With the ubiquity of information networks and their broad applications, there have been numerous studies on the construction, online analytical processing, and mining of information networks in multiple disciplines, including social network analysis, World-Wide Web, database systems, data mining, machine learning, and networked communication and information systems. Moreover, with a great demand of research in this direction, there is a need to understand methods for analysis of information networks from multiple disciplines. In this talk, we will present various issues and solutions on scalable mining and analysis of information networks. These include data integration, data cleaning and data validation in information networks, summarization, OLAP and multidimensional analysis in information networks. Finally, we illustrate how to apply network analysis technique to solve classical frequent item-set mining in a more efficient top-down fashion.

More specifically, on the data integration, data cleaning and data validation, we discuss two problems about correctness of information on the web. The first one is Veracity, i.e., conformity to truth, which addresses how to find true facts from a large amount of conflicting information on many subjects provided by various web sites. A general framework for the Veracity problem will be presented, which utilizes the relationships between web sites and their information, i.e., a web site is trustworthy if it provides many pieces of true information, and a piece of information is likely to be true if it is provided by many trustworthy web sites. The second problem is object distinction, i.e., how to distinguish different people or objects sharing identical names. This is a nontrivial task, especially when only very limited information is associated with each person or object. A general object distinction methodology is presented, which combines two complementary measures for relational similarity: set resemblance of neighbor tuples and random walk probability, and analyzes subtle linkages effectively.

OLAP (On-Line Analytical Processing) is an important notion in data analysis. There exists a similar need to deploy graph analysis from different perspectives and with multiple granularities. However, traditional OLAP technology cannot handle such demands because it does not consider the links among individual data tuples. Here, we examine a novel graph OLAP framework, which presents a multi-dimensional and multi-level view over graphs. We also look into different semantics of OLAP operations, and discuss two major types of graph OLAP: informational OLAP and topological OLAP.

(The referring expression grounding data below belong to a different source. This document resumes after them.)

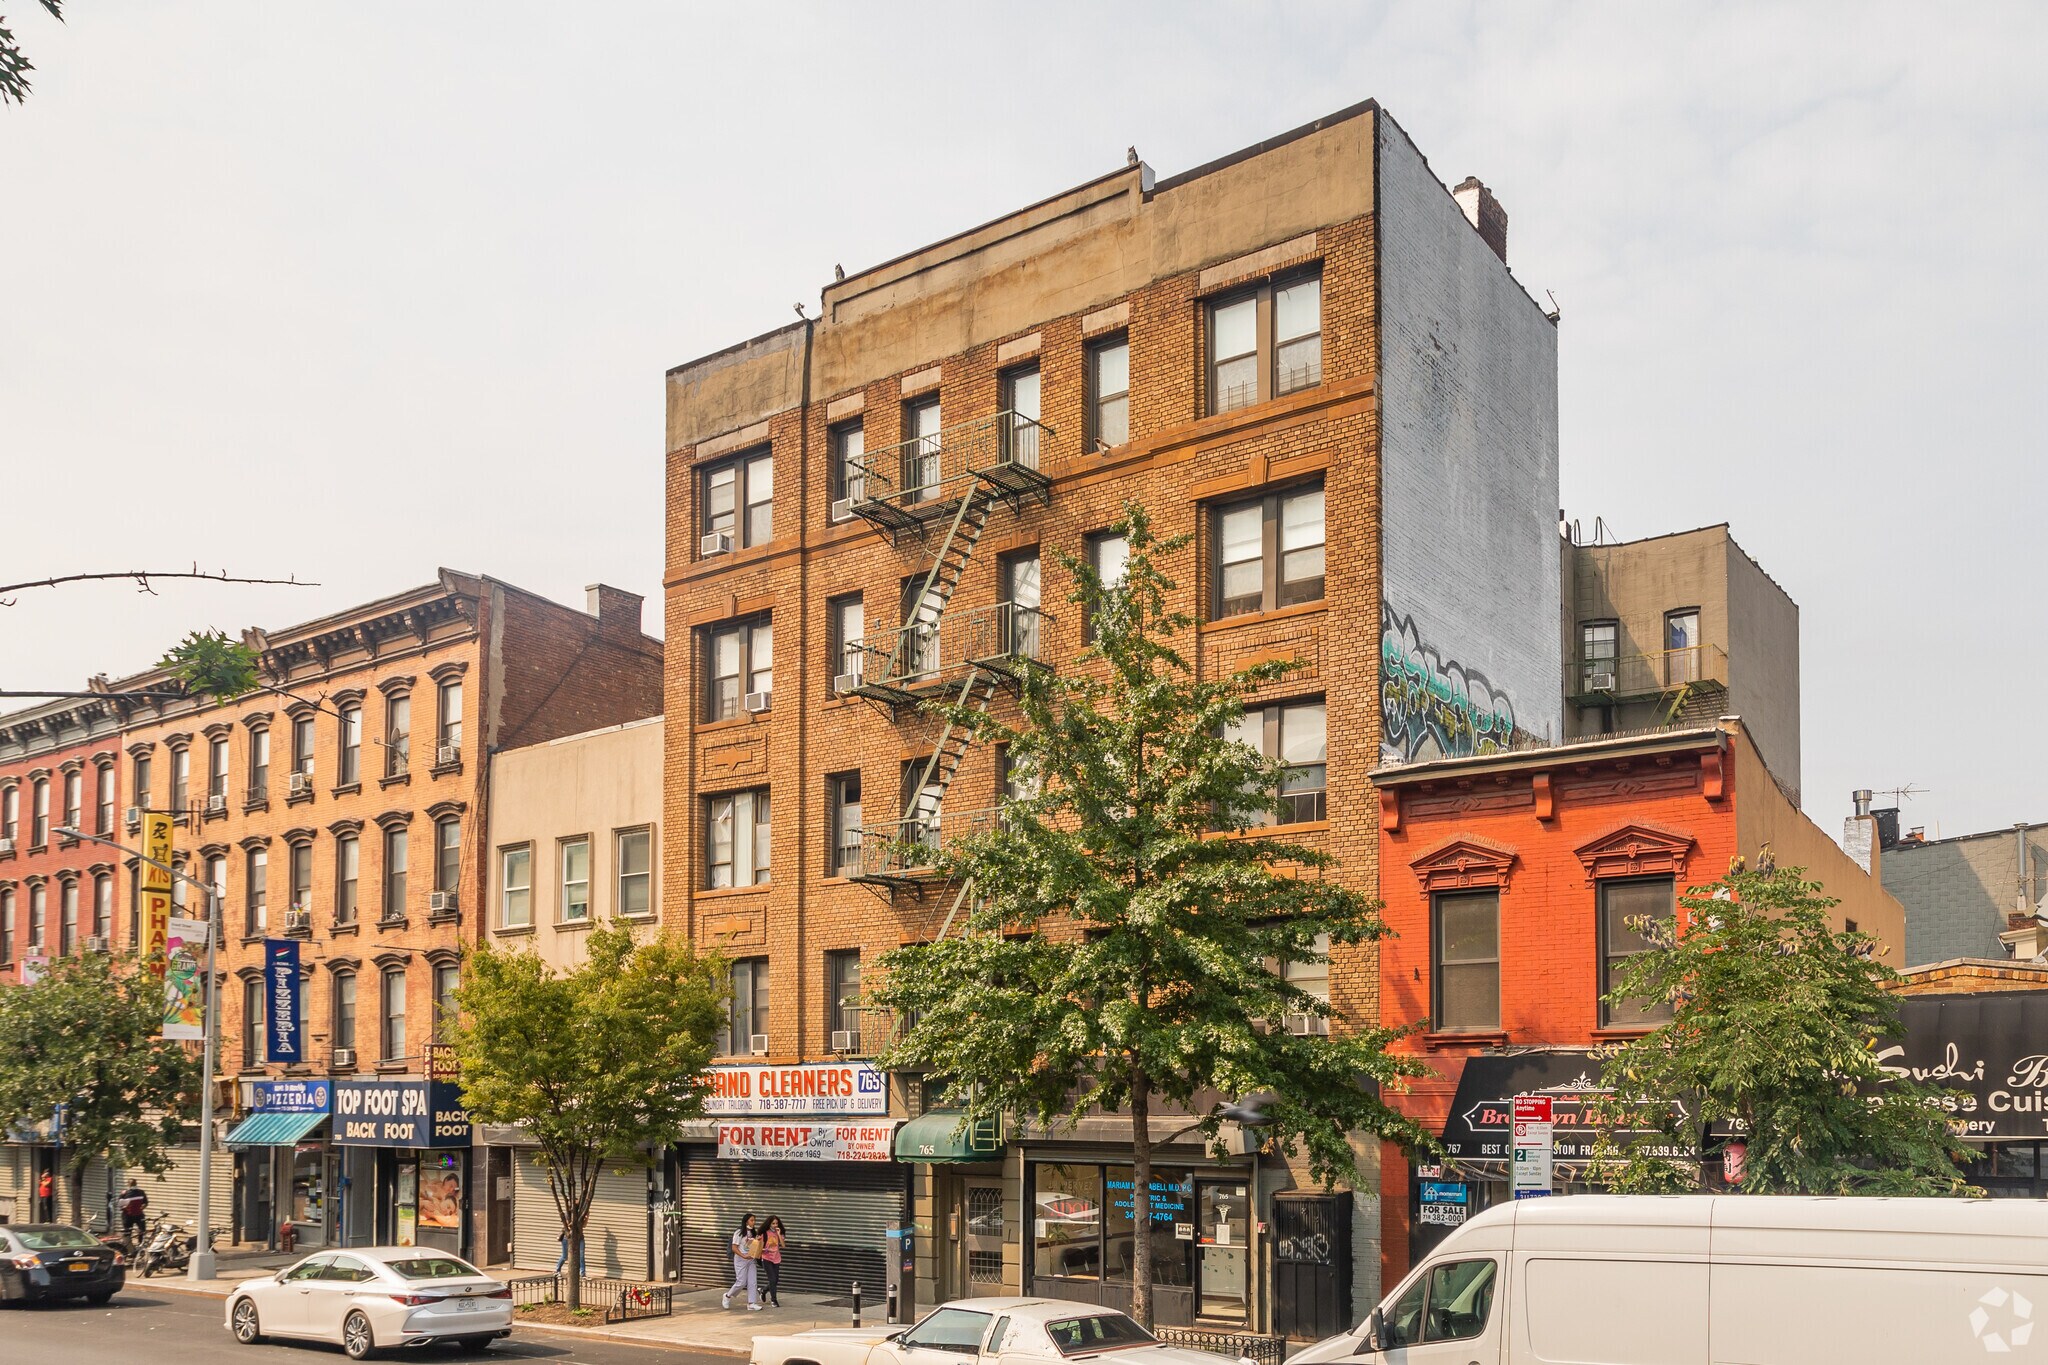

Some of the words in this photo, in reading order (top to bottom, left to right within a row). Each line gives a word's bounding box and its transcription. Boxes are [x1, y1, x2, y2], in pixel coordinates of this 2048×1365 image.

[275, 967, 295, 1053] PIZZERIA
[759, 1070, 853, 1098] CLEANERS
[860, 1072, 880, 1090] 765
[266, 1093, 314, 1104] PIZZERIA
[337, 1089, 360, 1115] TOP
[364, 1089, 398, 1116] FOOT
[402, 1089, 427, 1116] SPA
[759, 1100, 807, 1110] 718-387-7717
[813, 1100, 824, 1109] FREE
[858, 1099, 882, 1109] DELIVERY
[436, 1111, 468, 1122] BACK
[346, 1122, 376, 1138] BACK
[384, 1123, 414, 1140] FOOT
[436, 1125, 468, 1136] FOOT
[818, 1128, 828, 1138] By
[836, 1128, 856, 1140] FOR
[860, 1128, 890, 1141] RENT
[719, 1127, 756, 1146] FOR
[761, 1127, 812, 1146] RENT
[810, 1138, 834, 1148] Owner
[753, 1149, 782, 1158] Business
[784, 1150, 804, 1158] Since
[806, 1150, 821, 1158] 1969
[920, 1145, 934, 1154] 765
[1447, 1144, 1461, 1154] 767
[1482, 1144, 1500, 1154] BEST
[1516, 1150, 1524, 1160] 2
[1107, 1181, 1130, 1190] MARIAM
[1424, 1206, 1440, 1214] FOR
[1443, 1206, 1464, 1214] SALE
[1432, 1214, 1464, 1222] 382-0001
[905, 1238, 911, 1250] P
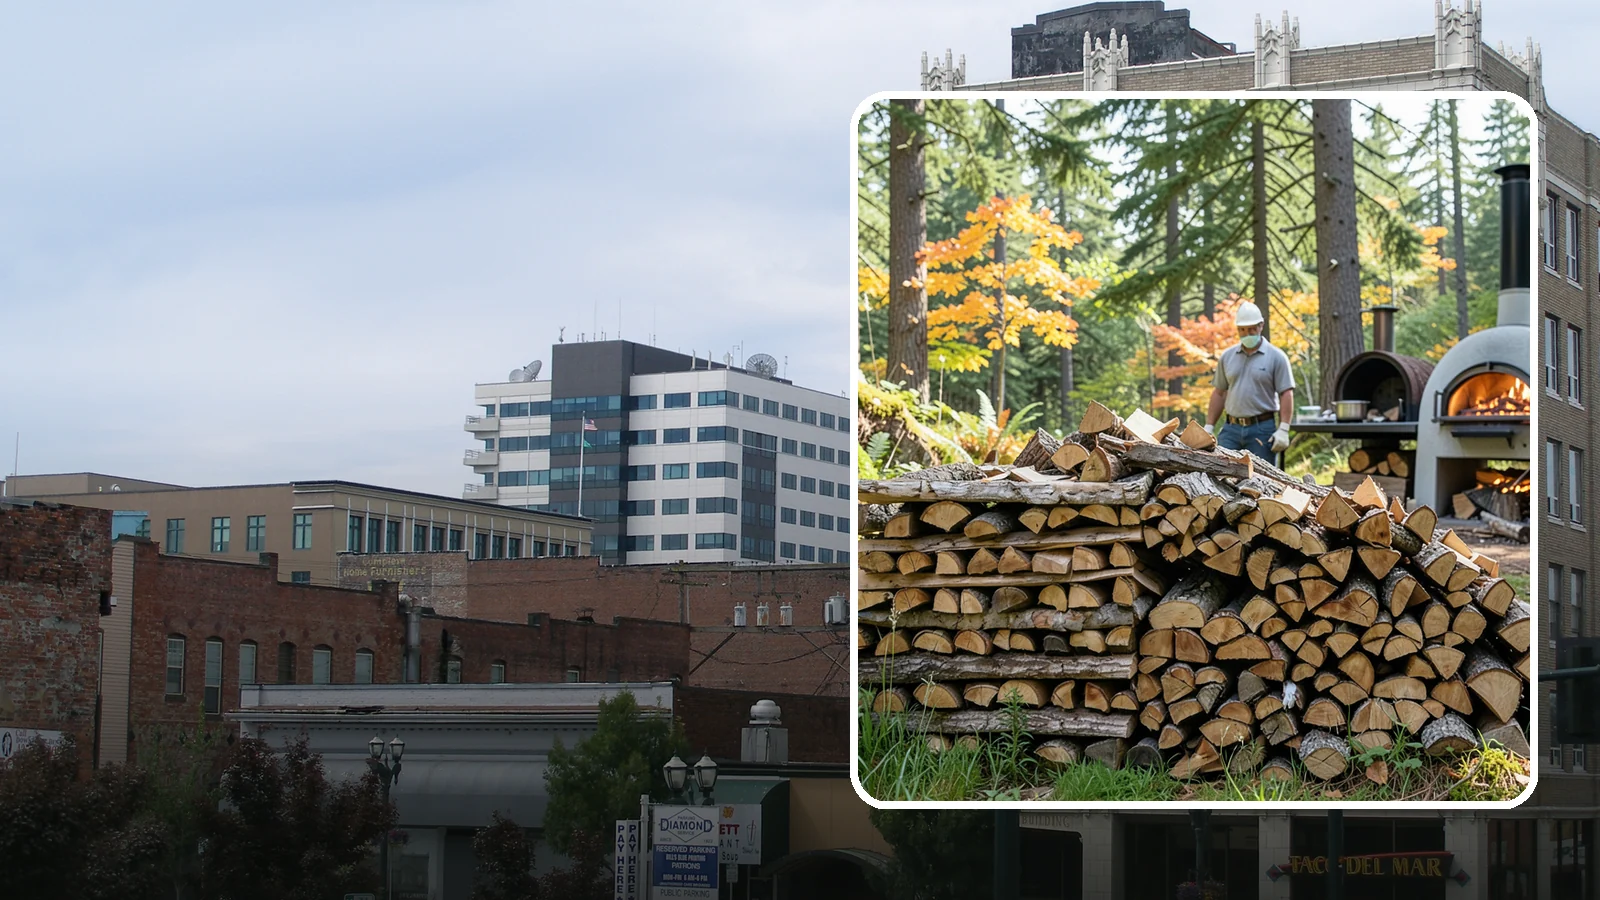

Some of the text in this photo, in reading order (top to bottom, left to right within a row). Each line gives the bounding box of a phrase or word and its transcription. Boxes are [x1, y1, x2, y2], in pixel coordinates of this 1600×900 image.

[343, 565, 427, 577] Home Furnishers
[660, 818, 713, 832] DIAMOND
[1022, 815, 1069, 828] BUILDING
[656, 845, 716, 854] RESERVED PARKING
[617, 825, 625, 893] PAY HERE
[628, 824, 636, 893] PAY HERE
[721, 851, 739, 862] Soup
[671, 862, 701, 870] PATRONS
[1289, 855, 1442, 877] TAC DEL MAR
[660, 888, 710, 898] PUBLIC PARKING

We next examine summarization of massive graphs. We will use the connectivity problem of determining the minimum-cut between any pair of nodes in the network to illustrate the need for graph summarization. The problem is well solved in the classical literature for memory resident graphs. However, large graphs may often be disk resident, and such graphs cannot be efficiently processed for connectivity queries. We will discuss edge and node sampling based approaches to create compressed representations of the underlying disk resident graphs. Since the compressed representations can be held in main memory, they can be used to derive efficient approximations for the connectivity problem.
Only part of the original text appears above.